GOAL OF THE EXERCISE -> Copy out every entry that follows, without a single picture.

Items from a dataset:

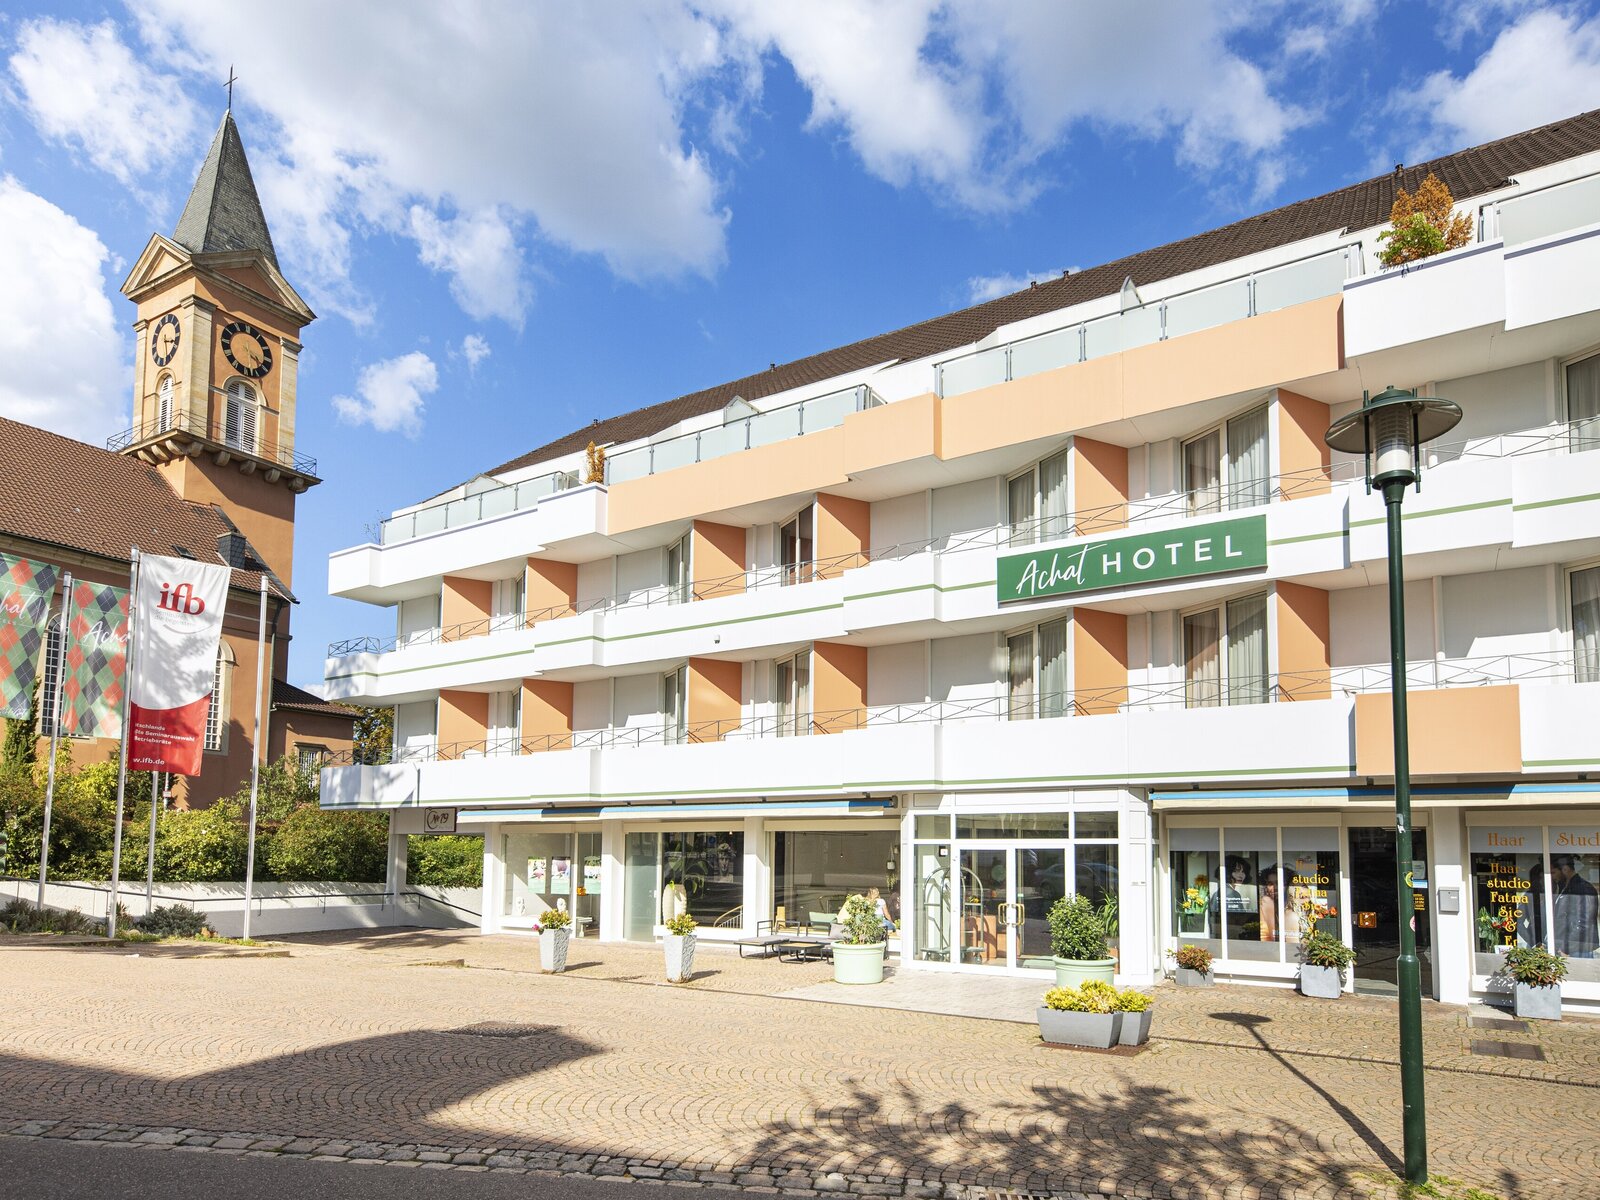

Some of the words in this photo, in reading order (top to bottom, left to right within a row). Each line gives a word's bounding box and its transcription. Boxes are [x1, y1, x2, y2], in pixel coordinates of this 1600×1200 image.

[1016, 543, 1107, 595] Achat
[1102, 535, 1243, 575] HOTEL
[156, 582, 206, 616] ifb
[1487, 832, 1526, 847] Haar
[1292, 873, 1330, 885] studio
[1487, 877, 1531, 889] studio
[1490, 891, 1529, 904] Fatma
[1499, 905, 1523, 918] Sie

EXERCISE OUTPUT ->
Some of the words in this photo, in reading order (top to bottom, left to right within a row). Each line gives a word's bounding box and its transcription. Boxes are [x1, y1, x2, y2], in pixel coordinates of this 1600×1200 image.

[1016, 543, 1107, 595] Achat
[1102, 535, 1243, 575] HOTEL
[156, 582, 206, 616] ifb
[1487, 832, 1526, 847] Haar
[1292, 873, 1330, 885] studio
[1487, 877, 1531, 889] studio
[1490, 891, 1529, 904] Fatma
[1499, 905, 1523, 918] Sie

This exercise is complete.